Saved data entries
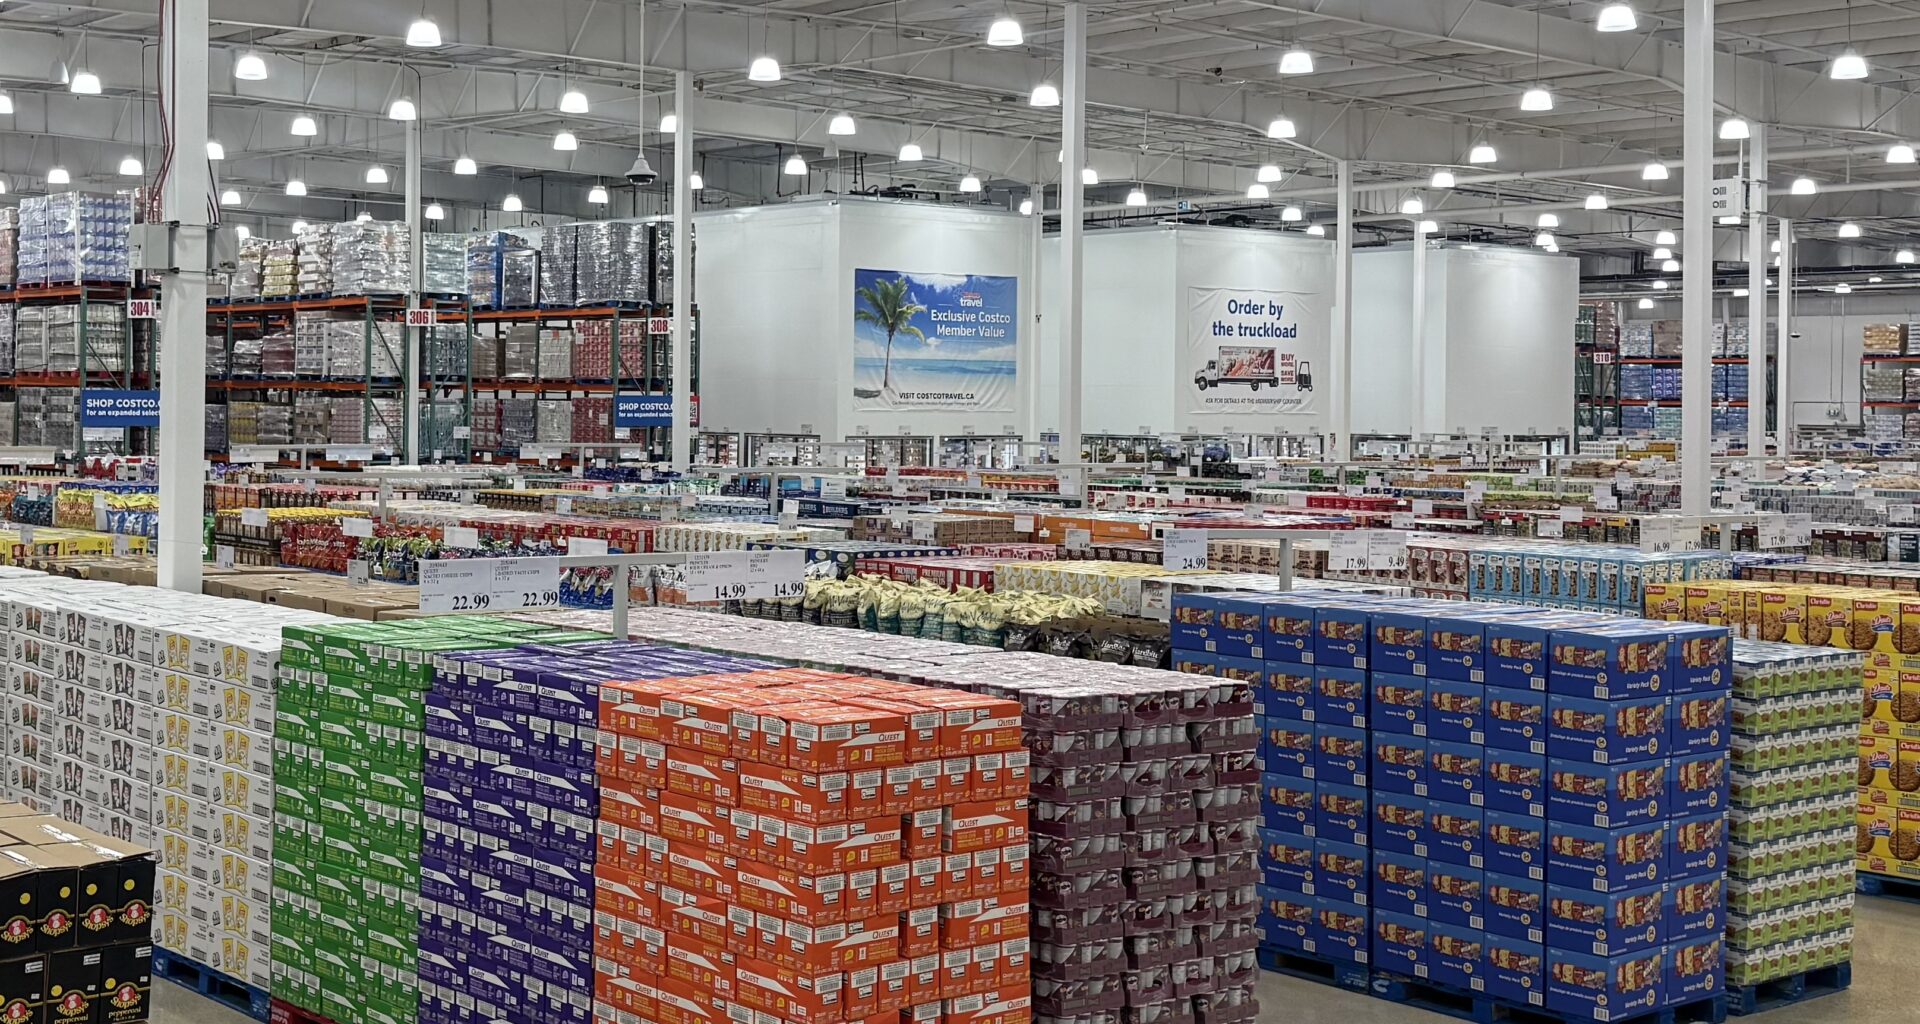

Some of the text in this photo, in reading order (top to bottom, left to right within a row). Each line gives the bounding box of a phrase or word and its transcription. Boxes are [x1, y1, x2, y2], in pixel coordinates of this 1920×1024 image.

[960, 298, 982, 307] travel
[130, 302, 150, 316] 304
[1228, 299, 1283, 320] Order by
[410, 311, 429, 324] 306
[931, 310, 1010, 323] Exclusive Costco
[651, 320, 668, 332] 308
[937, 324, 1005, 337] Member Value
[1213, 320, 1297, 338] the truckload
[1595, 354, 1610, 362] 310
[87, 399, 114, 407] SHOP
[1771, 536, 1786, 546] 17.99
[1183, 558, 1206, 569] 24.99
[1346, 558, 1366, 568] 17.99
[1388, 556, 1404, 567] 9.49
[715, 584, 746, 599] 14.99
[774, 582, 804, 596] 14.99
[452, 594, 490, 610] 22.99
[522, 591, 558, 606] 22.99
[704, 722, 722, 732] QUEST
[878, 733, 900, 742] QUEST
[671, 762, 688, 771] QUEST
[744, 776, 763, 787] QUEST
[603, 789, 618, 798] QUEST
[664, 807, 681, 817] QUEST
[874, 833, 895, 842] QUEST
[673, 855, 689, 865] QUEST
[598, 880, 613, 889] QUEST
[741, 874, 760, 885] QUEST
[1006, 906, 1024, 915] QUEST
[119, 911, 150, 926] Shopsy's
[702, 912, 720, 923] QUEST
[41, 920, 72, 937] Shopsy's
[82, 916, 114, 931] Shopsy's
[1, 928, 34, 944] Shopsy's
[872, 930, 894, 939] QUEST
[671, 948, 688, 959] QUEST
[741, 971, 759, 984] QUEST
[635, 984, 652, 995] QUEST
[110, 994, 141, 1009] Shopsy's
[661, 993, 678, 1004] QUEST
[56, 1001, 89, 1016] Shopsy's
[1008, 1000, 1026, 1009] QUEST
[108, 1007, 141, 1019] pepperoni

● **Task to complete**
All of the lines above must be repeated without alteration, though the pictures are to be excluded.

● **Solution**
Some of the text in this photo, in reading order (top to bottom, left to right within a row). Each line gives the bounding box of a phrase or word and its transcription. Boxes are [x1, y1, x2, y2], in pixel coordinates of this 1920×1024 image.

[960, 298, 982, 307] travel
[130, 302, 150, 316] 304
[1228, 299, 1283, 320] Order by
[410, 311, 429, 324] 306
[931, 310, 1010, 323] Exclusive Costco
[651, 320, 668, 332] 308
[937, 324, 1005, 337] Member Value
[1213, 320, 1297, 338] the truckload
[1595, 354, 1610, 362] 310
[87, 399, 114, 407] SHOP
[1771, 536, 1786, 546] 17.99
[1183, 558, 1206, 569] 24.99
[1346, 558, 1366, 568] 17.99
[1388, 556, 1404, 567] 9.49
[715, 584, 746, 599] 14.99
[774, 582, 804, 596] 14.99
[452, 594, 490, 610] 22.99
[522, 591, 558, 606] 22.99
[704, 722, 722, 732] QUEST
[878, 733, 900, 742] QUEST
[671, 762, 688, 771] QUEST
[744, 776, 763, 787] QUEST
[603, 789, 618, 798] QUEST
[664, 807, 681, 817] QUEST
[874, 833, 895, 842] QUEST
[673, 855, 689, 865] QUEST
[598, 880, 613, 889] QUEST
[741, 874, 760, 885] QUEST
[1006, 906, 1024, 915] QUEST
[119, 911, 150, 926] Shopsy's
[702, 912, 720, 923] QUEST
[41, 920, 72, 937] Shopsy's
[82, 916, 114, 931] Shopsy's
[1, 928, 34, 944] Shopsy's
[872, 930, 894, 939] QUEST
[671, 948, 688, 959] QUEST
[741, 971, 759, 984] QUEST
[635, 984, 652, 995] QUEST
[110, 994, 141, 1009] Shopsy's
[661, 993, 678, 1004] QUEST
[56, 1001, 89, 1016] Shopsy's
[1008, 1000, 1026, 1009] QUEST
[108, 1007, 141, 1019] pepperoni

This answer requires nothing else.